The dangers that volcanic ash clouds pose on inflight air traffic safety can lead to prolonged flight cancellations that have a ripple effect on the airline industry’s economy and personal travel. Low-latency satellite observations provide crucial information for rerouting air traffic around volcanic clouds. During a previous Applied Sciences Program project our team established partnerships between the Geographic Information Network of Alaska, NASA’s Direct Readout Laboratory, NASA’s ozone processing team and the Finnish Meteorological Institute so as to locally process ultraviolet-based (UV) direct-readout (DR), satellite-observed volcanic ash and sulphur dioxide (SO2) data for distribution to a number of end users. 

The UV-based monitoring is unavailable at night or under low-light conditions, so users have requested that we expand the DR monitoring capabilities to better serve the ever-increasing number of flights that operate at night or fly over polar regions. Here, we will address this critical need by developing DR volcanic ash and SO2 products based on thermal infrared data acquired by several satellite-borne instruments. 

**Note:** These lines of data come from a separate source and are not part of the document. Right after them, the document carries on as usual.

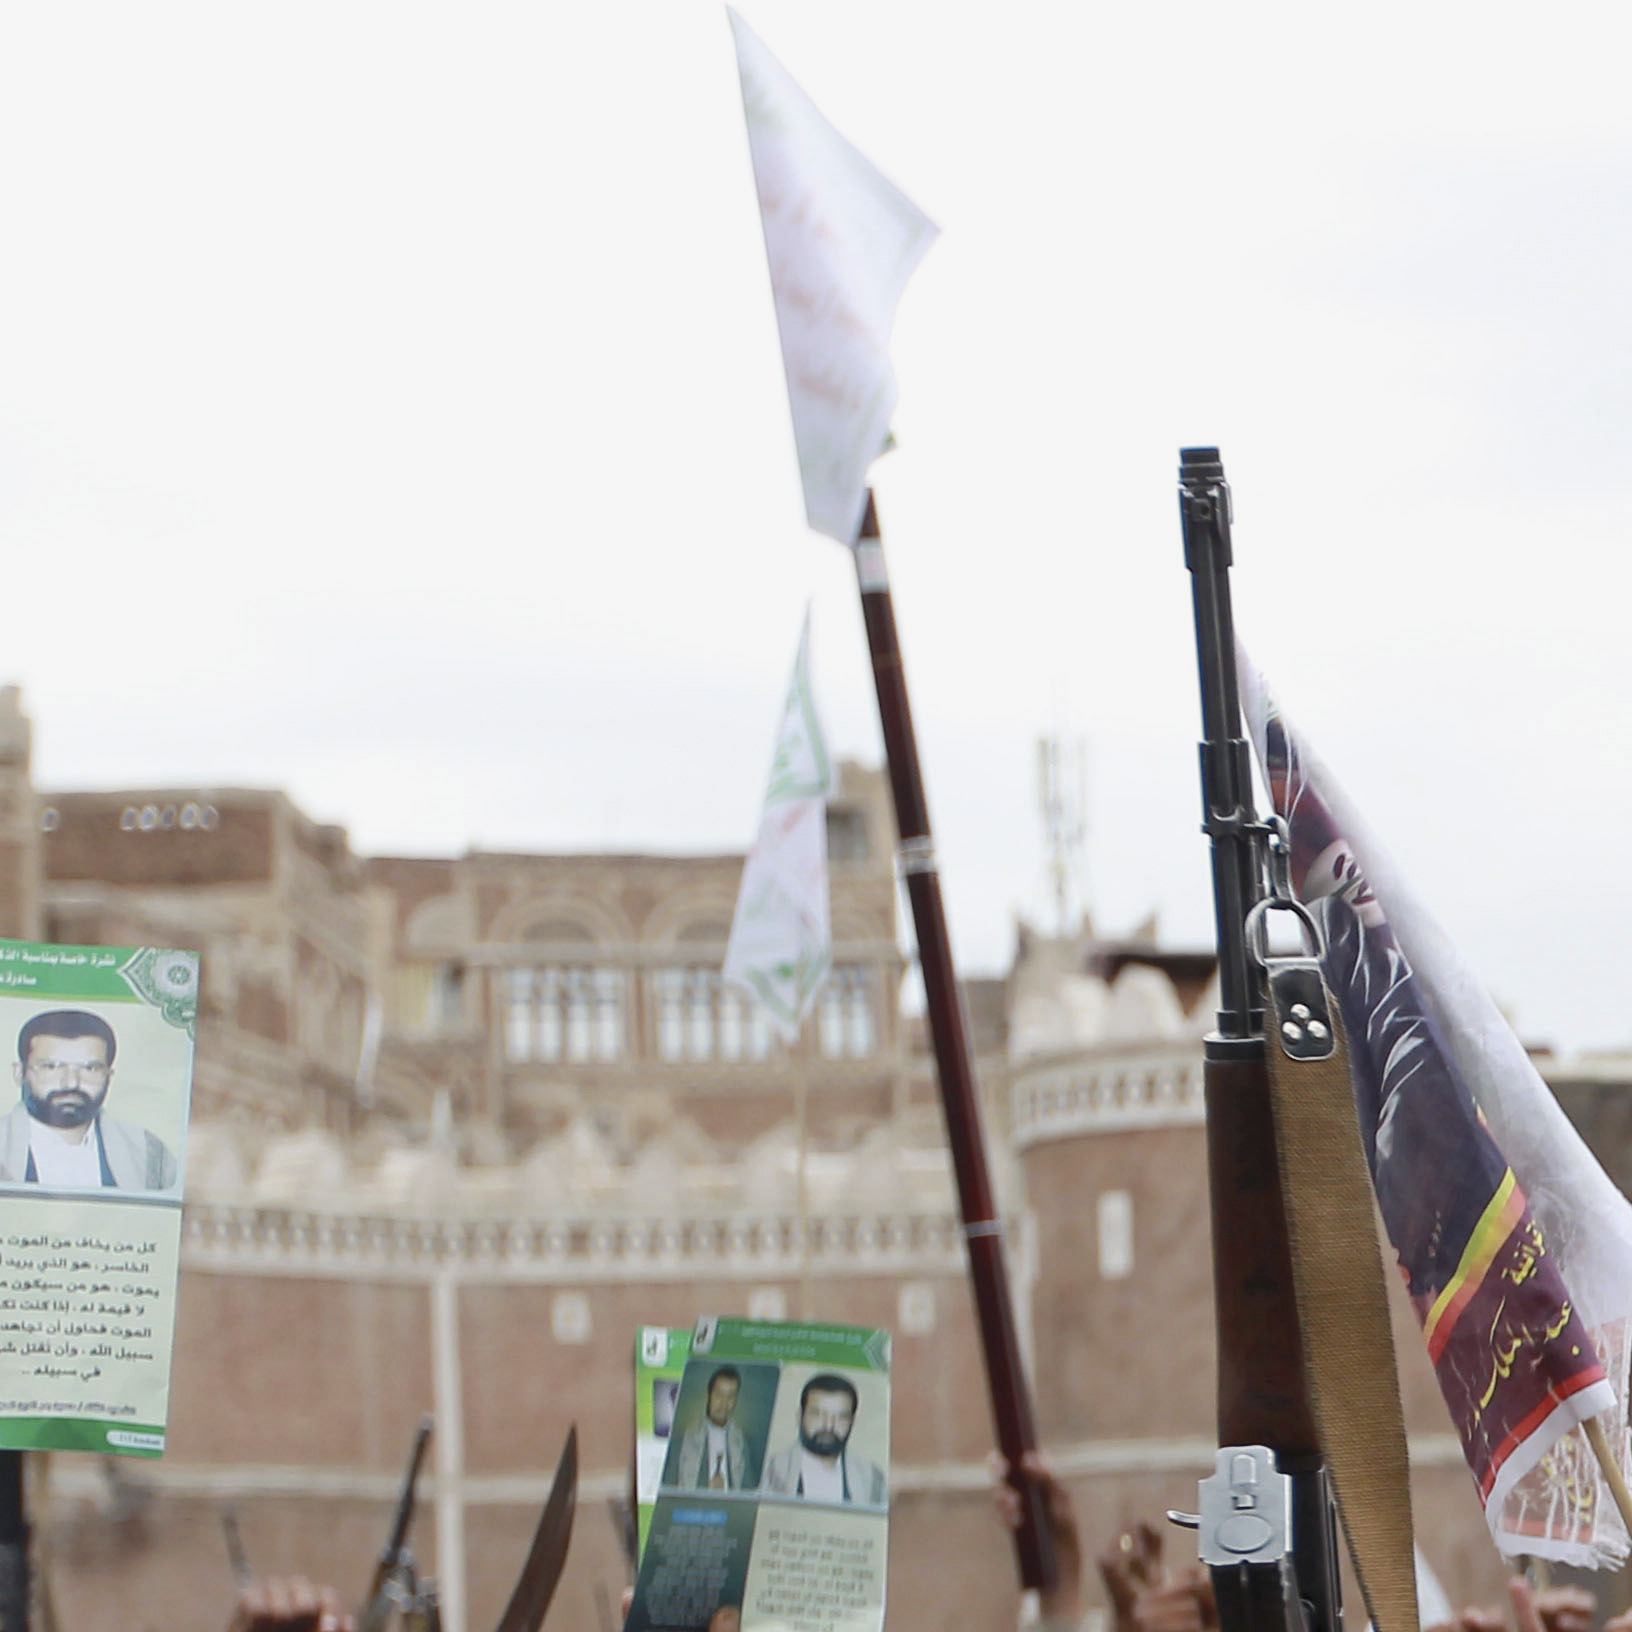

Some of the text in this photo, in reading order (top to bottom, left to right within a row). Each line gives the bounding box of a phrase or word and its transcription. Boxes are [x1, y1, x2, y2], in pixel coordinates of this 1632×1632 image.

[7, 1235, 157, 1255] كل من يخاف من الموت
[37, 1258, 67, 1273] الذي
[70, 1262, 91, 1272] هو
[11, 1278, 63, 1291] سيكون
[66, 1282, 87, 1293] من
[89, 1282, 111, 1294] هو
[121, 1283, 160, 1299] يموت
[19, 1299, 50, 1312] كنت
[53, 1300, 70, 1315] إذا
[80, 1301, 95, 1312] له
[98, 1302, 132, 1317] قيمة
[135, 1304, 145, 1316] لا
[46, 1319, 61, 1334] أن
[64, 1322, 107, 1337] فحاول
[110, 1327, 152, 1340] الموت
[54, 1342, 79, 1357] وأن
[89, 1343, 112, 1356] الله
[115, 1347, 153, 1362] سبيل
[34, 1364, 101, 1382] في سبيله

We will also critically improve and extend our DR-UV products to monitor smoke plumes from forest fires. These new products will be evaluated and assessed by several organizations, including the National Weather Service and the Alaska Volcanic Ash Advisory Center. Our collaborators from the Finnish Meteorological Institute will evaluate the DR plume products for use in the northern Atlantic, Norwegian, Barents and Kara Seas, and distribute them to European users. 

The combined use of high latitude direct-readout stations  stations and multiple polar satellite platforms, each with several daily overpasses over the polar region, will provide low-latency coverage of all high-latitude volcanoes in the Northern Hemisphere.